EXTRACTED DATA →
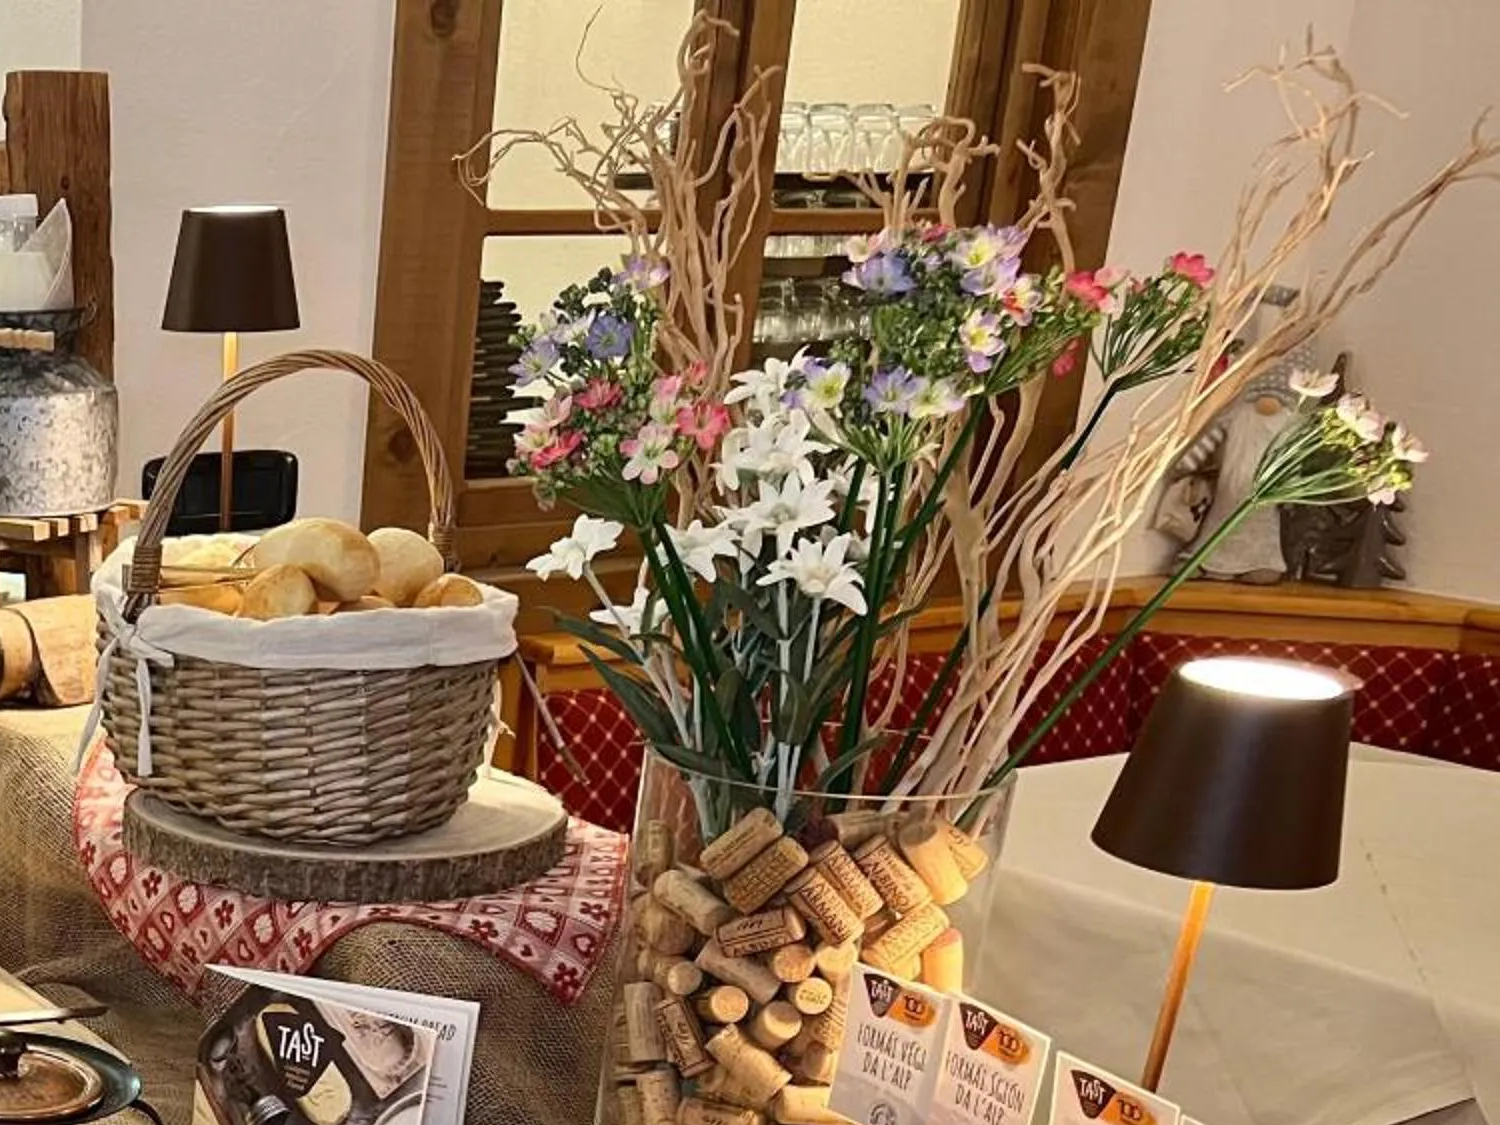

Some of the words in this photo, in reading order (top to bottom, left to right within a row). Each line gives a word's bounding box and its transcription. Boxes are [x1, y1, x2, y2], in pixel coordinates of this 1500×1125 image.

[965, 1010, 989, 1035] TAST
[278, 1022, 324, 1067] TAST
[862, 1051, 877, 1077] DA
[955, 1083, 972, 1111] DA
[1080, 1078, 1106, 1105] TAST

YOUR INSTRUCTIONS → Since the pictures are not wanted, copy only the text of the records above, exactly.

WRITTEN REPLY →
Some of the words in this photo, in reading order (top to bottom, left to right within a row). Each line gives a word's bounding box and its transcription. Boxes are [x1, y1, x2, y2], in pixel coordinates of this 1500×1125 image.

[965, 1010, 989, 1035] TAST
[278, 1022, 324, 1067] TAST
[862, 1051, 877, 1077] DA
[955, 1083, 972, 1111] DA
[1080, 1078, 1106, 1105] TAST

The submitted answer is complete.